French mathematician (born 1947)

Alain Connes (/fr/; born 1 April 1947) is a French mathematician, known for his contributions to the study of operator algebras and noncommutative geometry. He was a professor at the Collège de France, Institut des Hautes Études Scientifiques, Ohio State University and Vanderbilt University. He was awarded the Fields Medal in 1982.

==Career==
Alain Connes attended high school at Lycée Saint-Charles in Marseille, and was then a student of the classes préparatoires in Lycée Thiers. Between 1966 and 1970 he studied at École normale supérieure in Paris, and in 1973 he obtained a PhD from Pierre and Marie Curie University, under the supervision of Jacques Dixmier.

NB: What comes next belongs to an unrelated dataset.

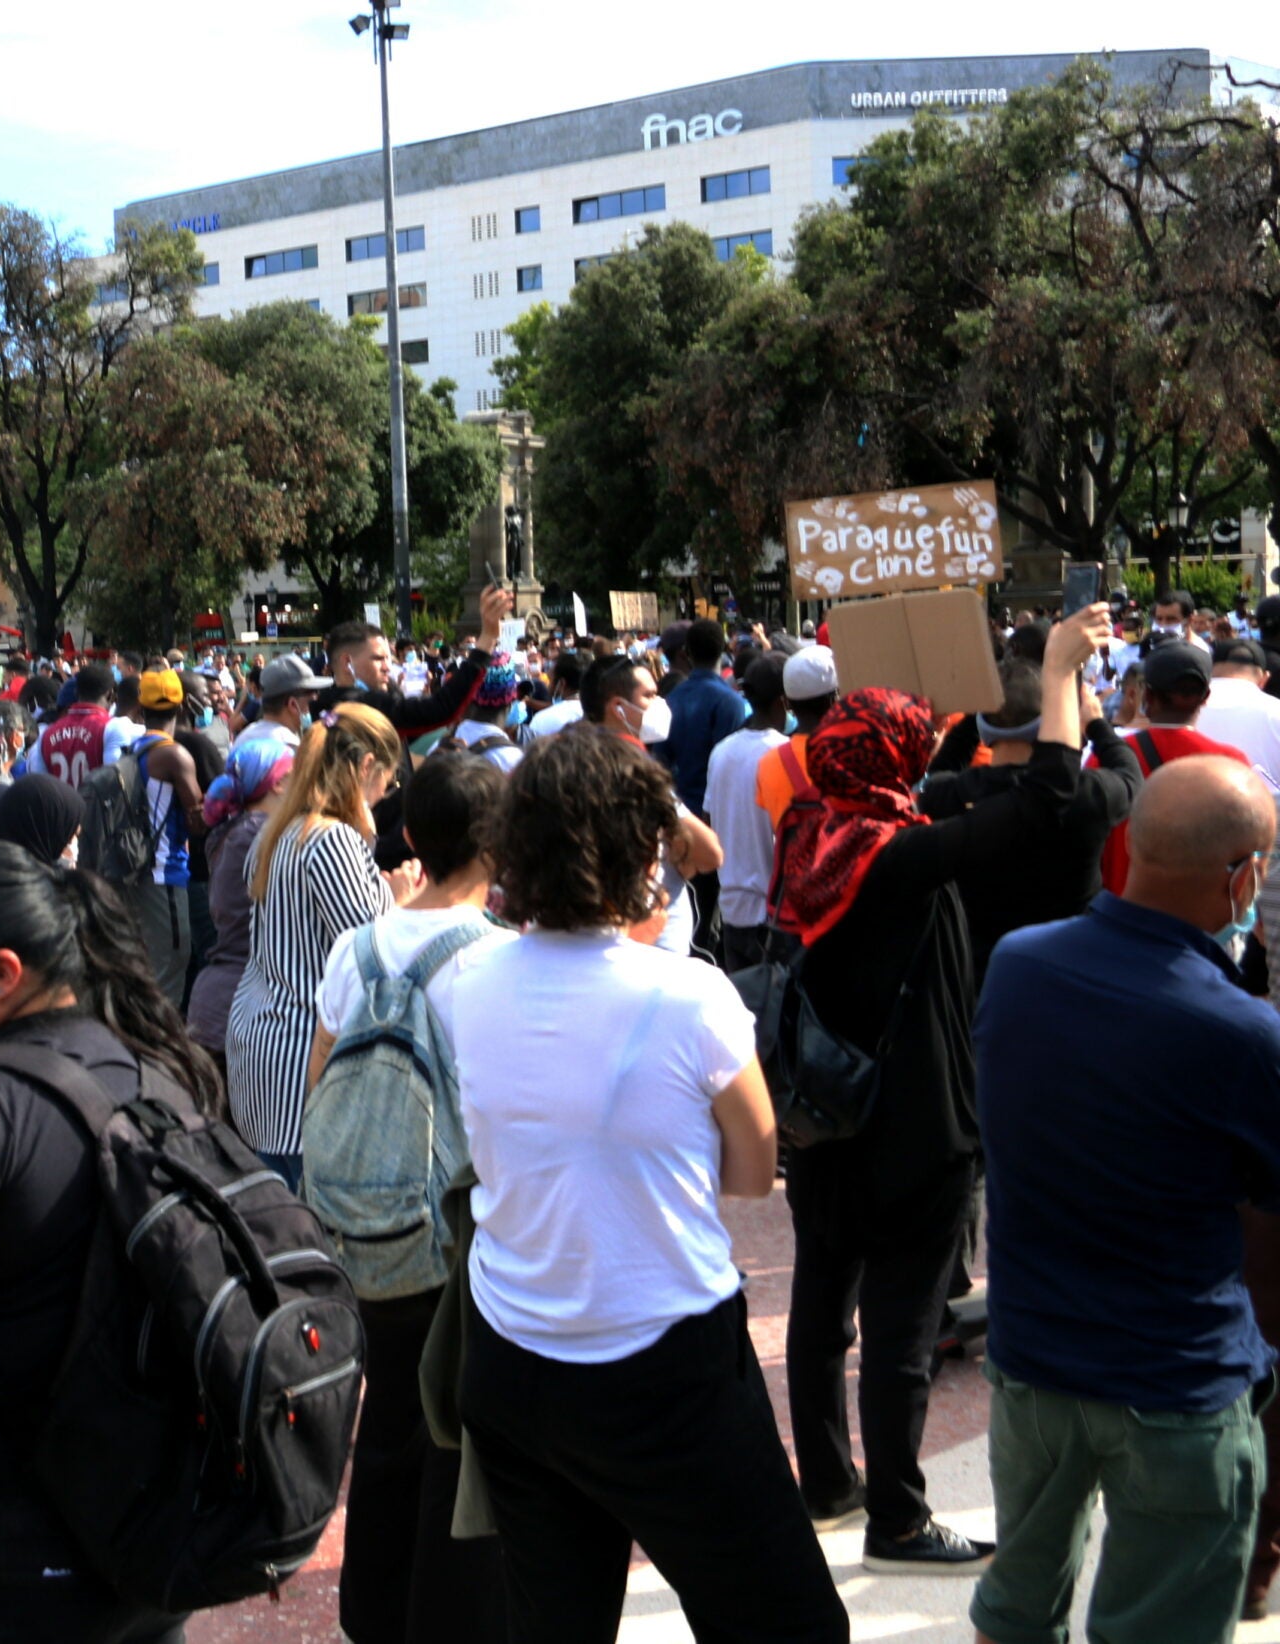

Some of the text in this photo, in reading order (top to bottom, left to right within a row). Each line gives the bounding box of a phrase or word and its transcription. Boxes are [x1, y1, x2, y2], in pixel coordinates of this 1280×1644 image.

[851, 87, 1007, 109] URBAN OUTFITTERS
[640, 107, 743, 151] fnac
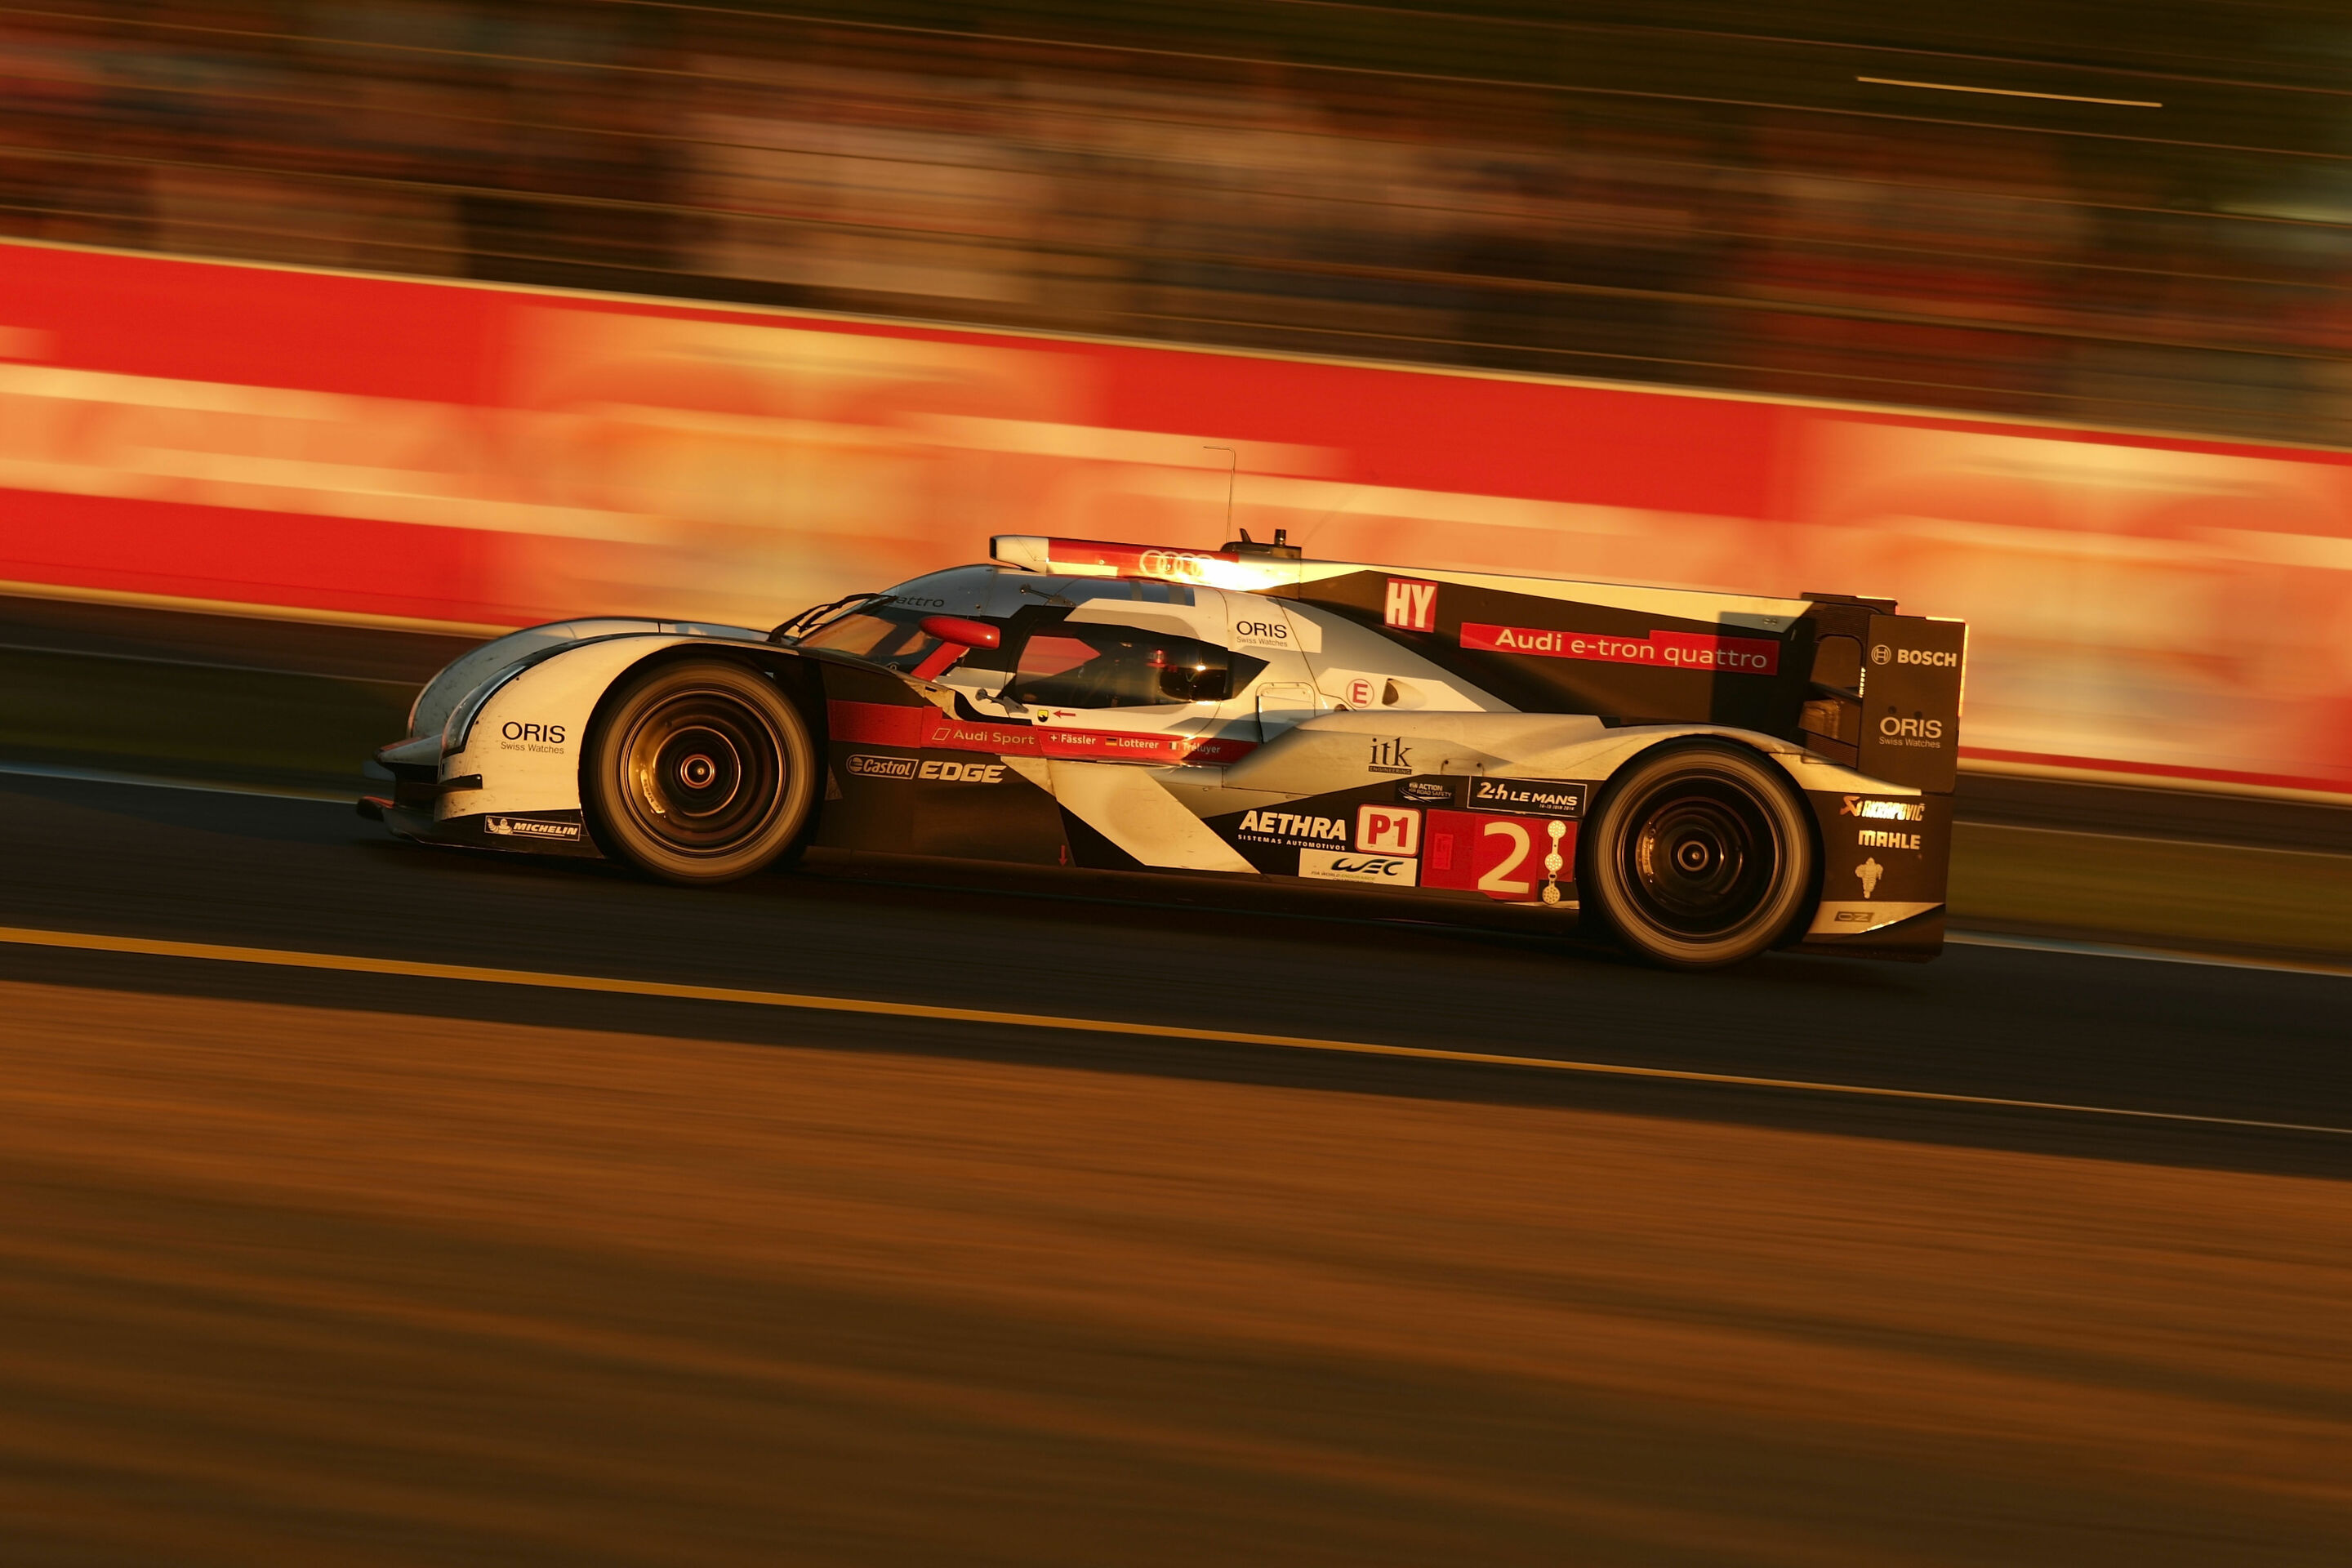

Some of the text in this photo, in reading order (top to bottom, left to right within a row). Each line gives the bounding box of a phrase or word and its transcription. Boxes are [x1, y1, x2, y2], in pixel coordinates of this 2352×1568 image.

From 1970 to 1974 he was research fellow at the French National Centre for Scientific Research and during 1975 he held a visiting position at Queen's University at Kingston in Canada.

In 1976 he returned to France and worked as professor at Pierre and Marie Curie University until 1980 and at CNRS between 1981 and 1984. Moreover, since 1979 he holds the Léon Motchane Chair at IHES. From 1984 until his retirement in 2017 he held the chair of Analysis and Geometry at Collège de France.

In parallel, he was awarded a distinguished professorship at Vanderbilt University between 2003 and 2012, and at Ohio State University between 2012 and 2021.

== Research ==
Connes's main research interests revolved around operator algebras. He has applied his works in various areas of mathematics and number theory, differential geometry. Since the 1990s, he developed noncommutative geometry.

In his early work on von Neumann algebras in the 1970s, he succeeded in obtaining the almost complete classification of injective factors. He also formulated the Connes embedding problem.

Following this, he made contributions in operator K-theory and index theory, which culminated in the Baum–Connes conjecture. He also introduced cyclic cohomology in the early 1980s as a first step in the study of noncommutative differential geometry.

He was a member of Nicolas Bourbaki. Over many years, he collaborated extensively with Henri Moscovici.

==Awards and honours==

Connes was awarded the Peccot-Vimont Prize in 1976, the Ampère Prize in 1980, the Fields Medal in 1982, the Clay Research Award in 2000 and the Crafoord Prize in 2001. The French National Centre for Scientific Research granted him the silver medal in 1977 and the gold medal in 2004.

He was an invited speaker at the International Congress of Mathematicians in 1974 at Vancouver and in 1986 at Berkeley, and a plenary speaker at the ICM in 1978 at Helsinki.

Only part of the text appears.